- _Assignment_: With the pictures left out, restate every entry word for word.

- _Information_:

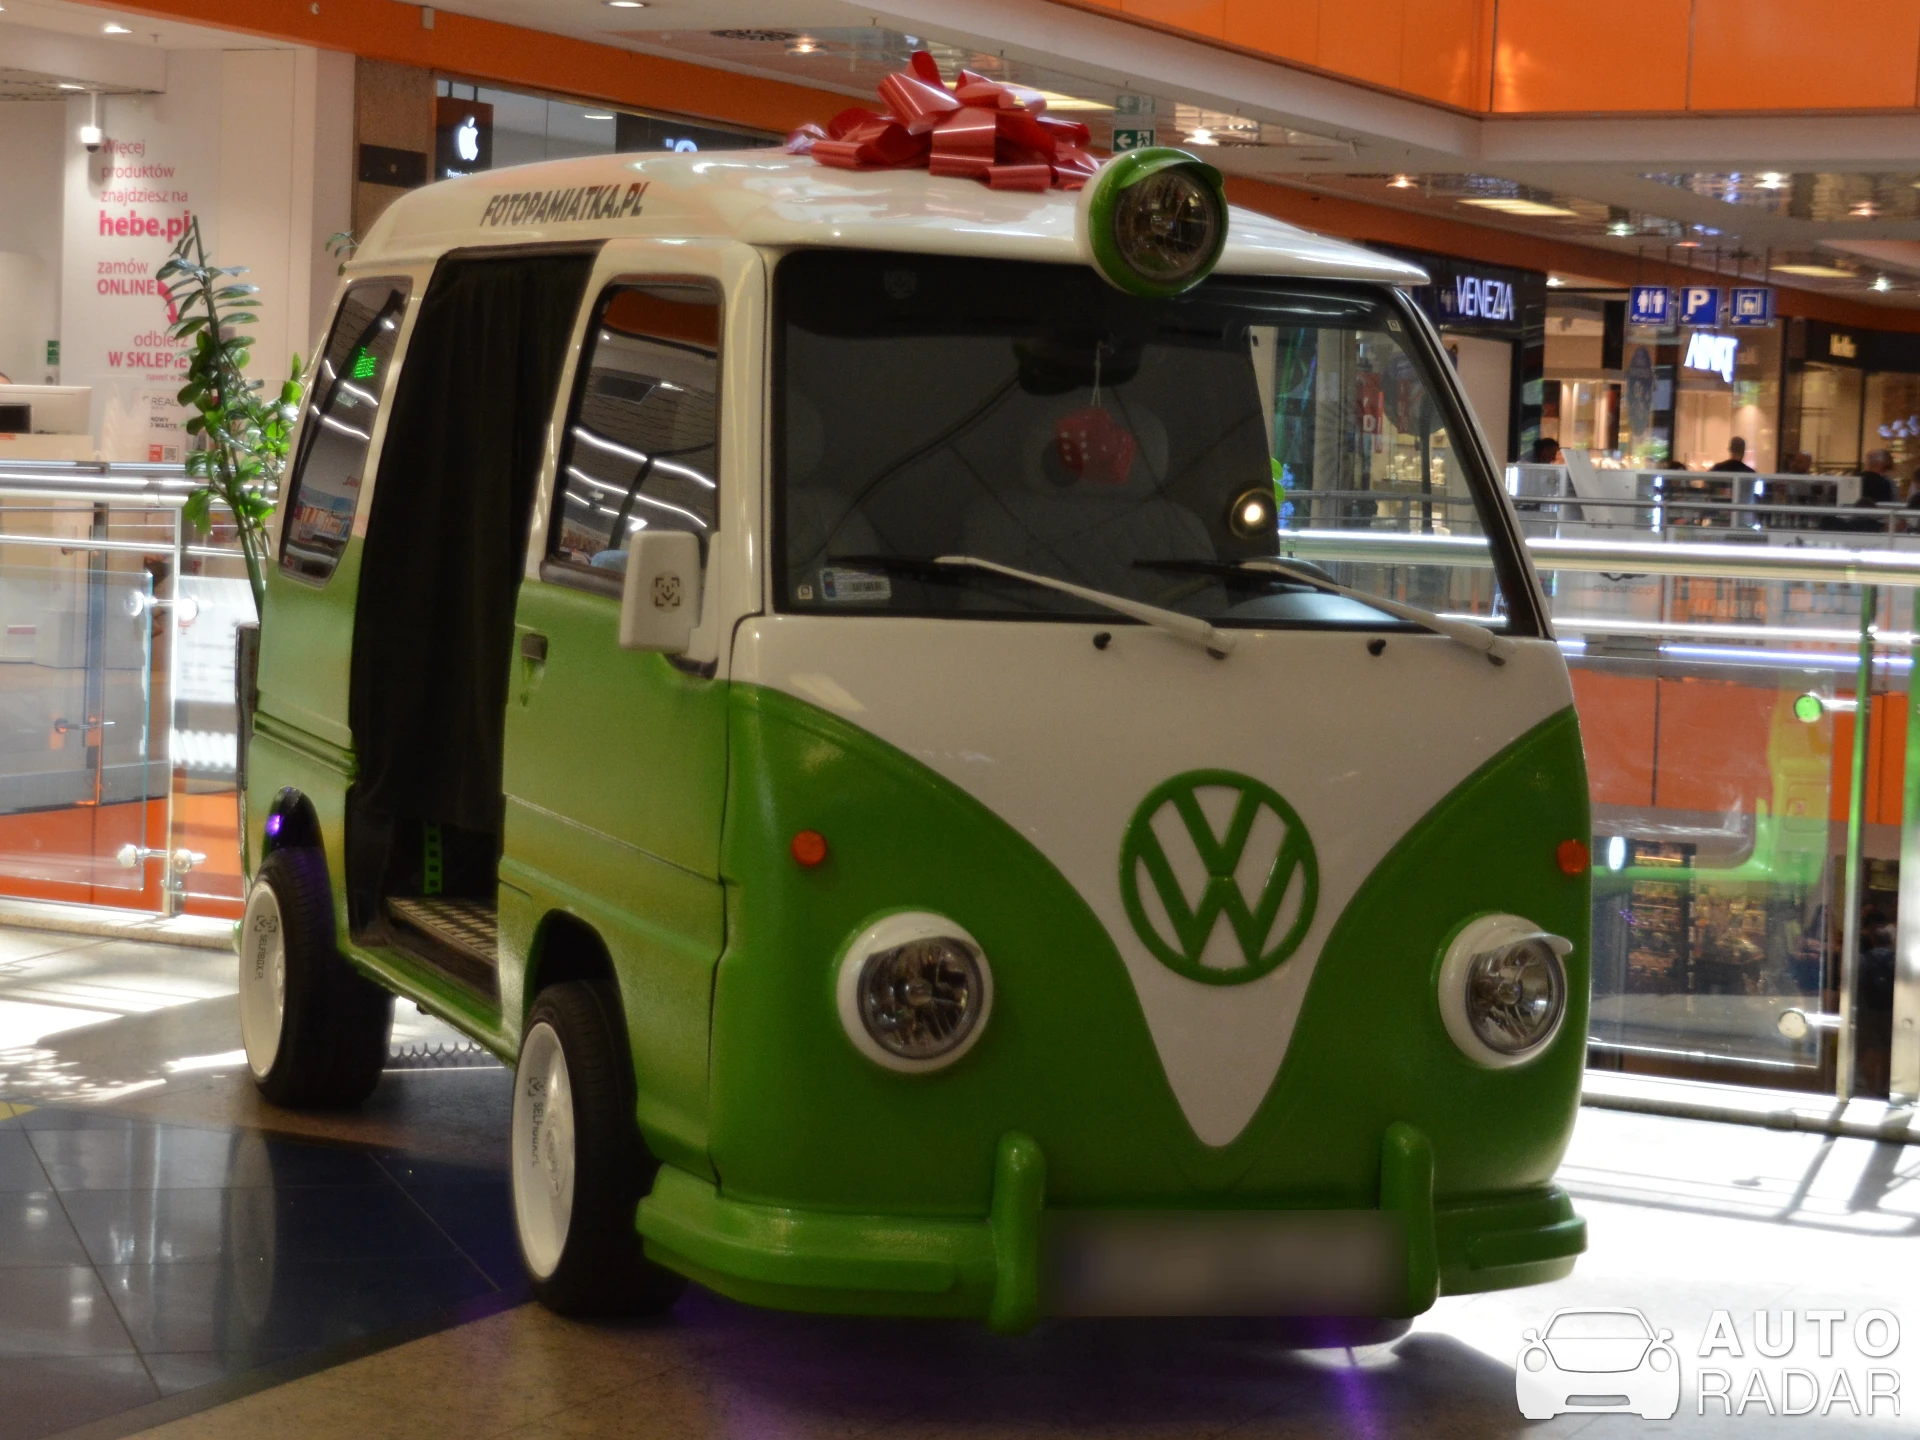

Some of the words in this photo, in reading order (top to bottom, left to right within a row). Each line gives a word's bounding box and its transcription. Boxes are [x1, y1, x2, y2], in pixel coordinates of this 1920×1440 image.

[101, 163, 175, 182] produktów
[101, 187, 169, 206] znajdziesz
[172, 191, 188, 202] na
[479, 181, 650, 227] FOTOPAMIATKA.PL
[99, 209, 191, 243] hebe.pl
[97, 258, 149, 274] zamów
[97, 279, 156, 296] ONLINE
[1456, 275, 1515, 321] VENEZIA
[1688, 289, 1710, 315] P
[108, 351, 123, 368] W
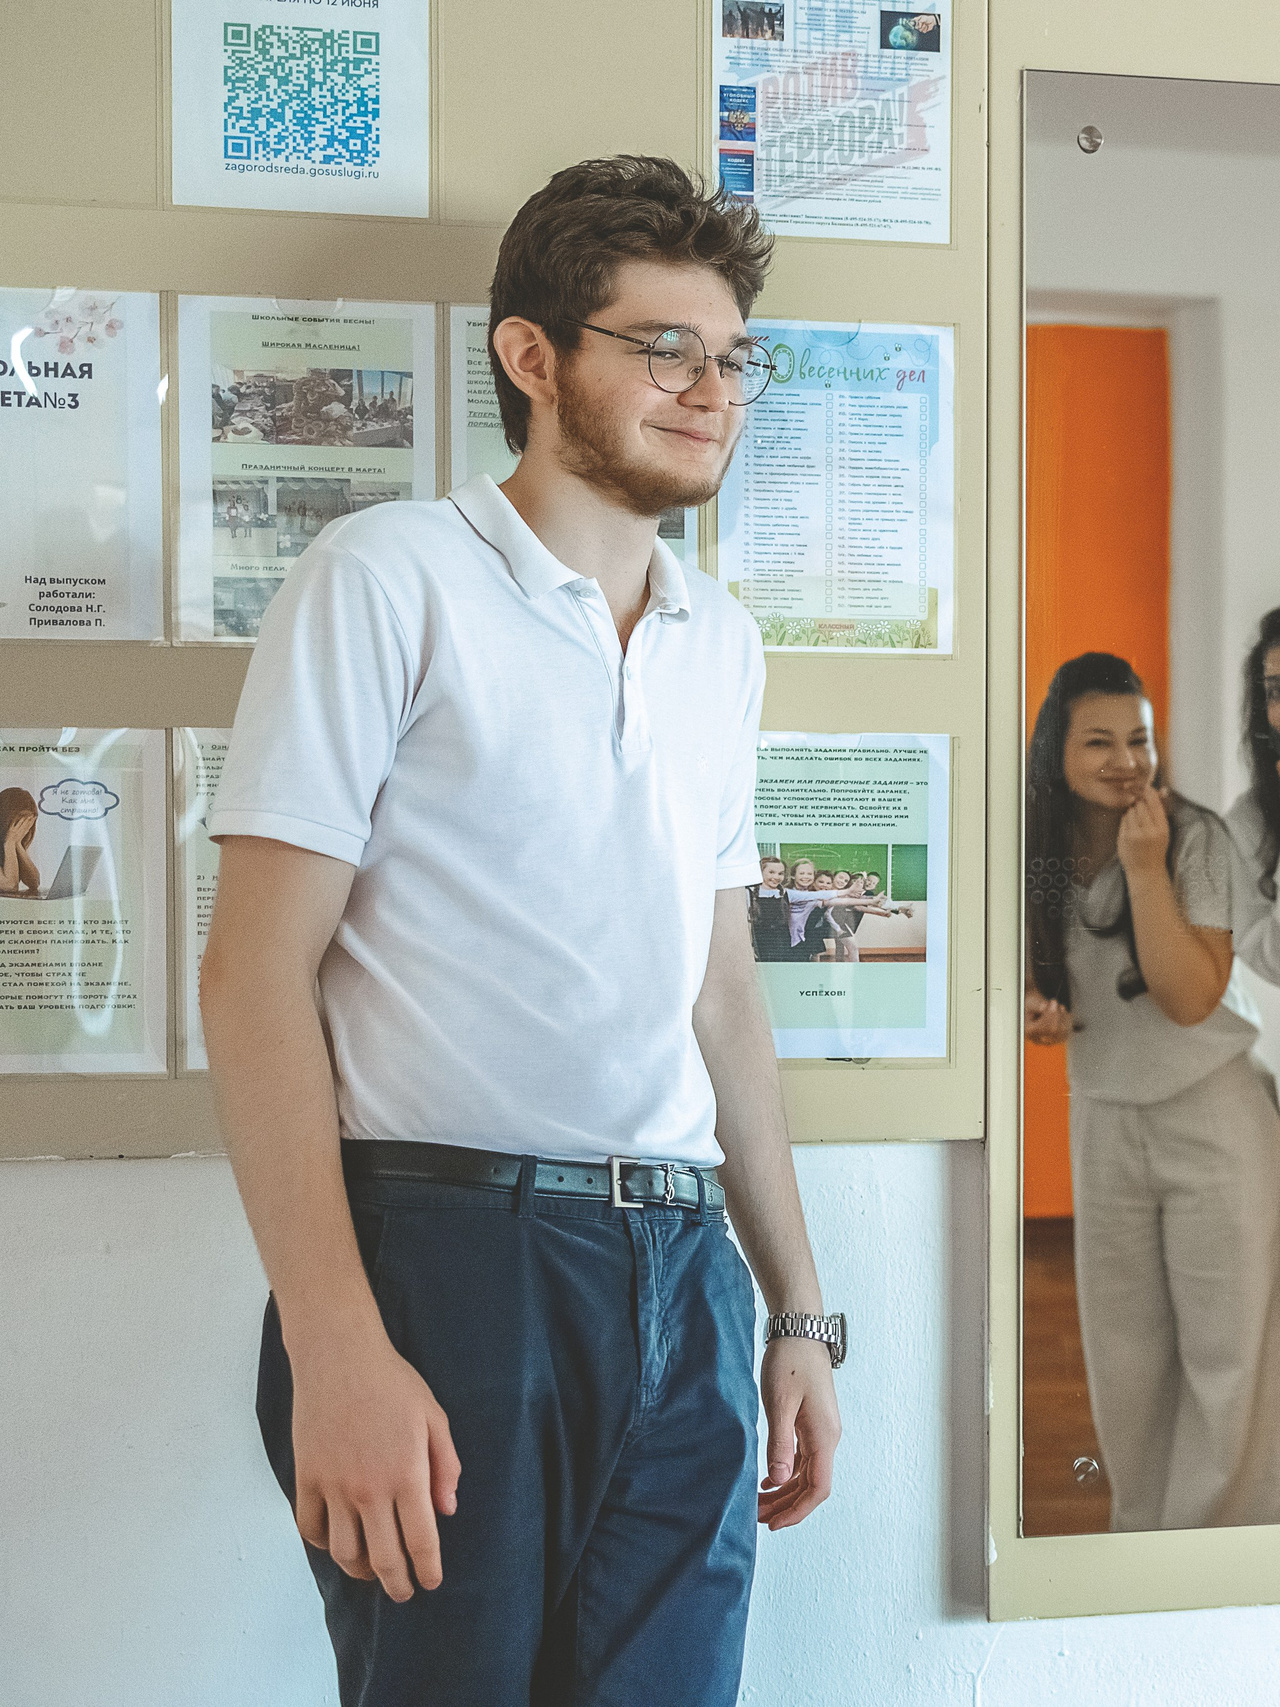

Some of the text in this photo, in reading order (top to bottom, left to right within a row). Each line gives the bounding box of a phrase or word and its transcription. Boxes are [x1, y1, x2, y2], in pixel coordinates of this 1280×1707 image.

[224, 161, 380, 180] zagorodsreda.gosuslugi.ru
[251, 314, 299, 322] ШКОЛЬНЫЕ
[301, 316, 341, 324] СОБЫТИЯ
[261, 341, 360, 351] ШИРОКАЯ МАСЛЕНИЦА!
[800, 347, 890, 382] весенних
[896, 369, 926, 391] дел
[241, 463, 305, 471] ПРАЗДНИЧНЫЙ
[308, 465, 345, 473] КОНЦЕРТ
[24, 575, 106, 587] Над выпуском
[38, 589, 96, 601] работали:
[28, 603, 106, 614] Солодова Н.Г.
[29, 617, 106, 629] Привалова П.
[18, 744, 58, 753] ПРОЙТИ
[799, 989, 847, 997] УСПЕХОВ!

- _Response_:
Some of the words in this photo, in reading order (top to bottom, left to right within a row). Each line gives a word's bounding box and its transcription. Boxes are [x1, y1, x2, y2], in pixel coordinates of this 1920×1440 image.

[101, 163, 175, 182] produktów
[101, 187, 169, 206] znajdziesz
[172, 191, 188, 202] na
[479, 181, 650, 227] FOTOPAMIATKA.PL
[99, 209, 191, 243] hebe.pl
[97, 258, 149, 274] zamów
[97, 279, 156, 296] ONLINE
[1456, 275, 1515, 321] VENEZIA
[1688, 289, 1710, 315] P
[108, 351, 123, 368] W

Some of the text in this photo, in reading order (top to bottom, left to right within a row). Each line gives the bounding box of a phrase or word and its transcription. Boxes are [x1, y1, x2, y2], in pixel coordinates of this 1280×1707 image.

[224, 161, 380, 180] zagorodsreda.gosuslugi.ru
[251, 314, 299, 322] ШКОЛЬНЫЕ
[301, 316, 341, 324] СОБЫТИЯ
[261, 341, 360, 351] ШИРОКАЯ МАСЛЕНИЦА!
[800, 347, 890, 382] весенних
[896, 369, 926, 391] дел
[241, 463, 305, 471] ПРАЗДНИЧНЫЙ
[308, 465, 345, 473] КОНЦЕРТ
[24, 575, 106, 587] Над выпуском
[38, 589, 96, 601] работали:
[28, 603, 106, 614] Солодова Н.Г.
[29, 617, 106, 629] Привалова П.
[18, 744, 58, 753] ПРОЙТИ
[799, 989, 847, 997] УСПЕХОВ!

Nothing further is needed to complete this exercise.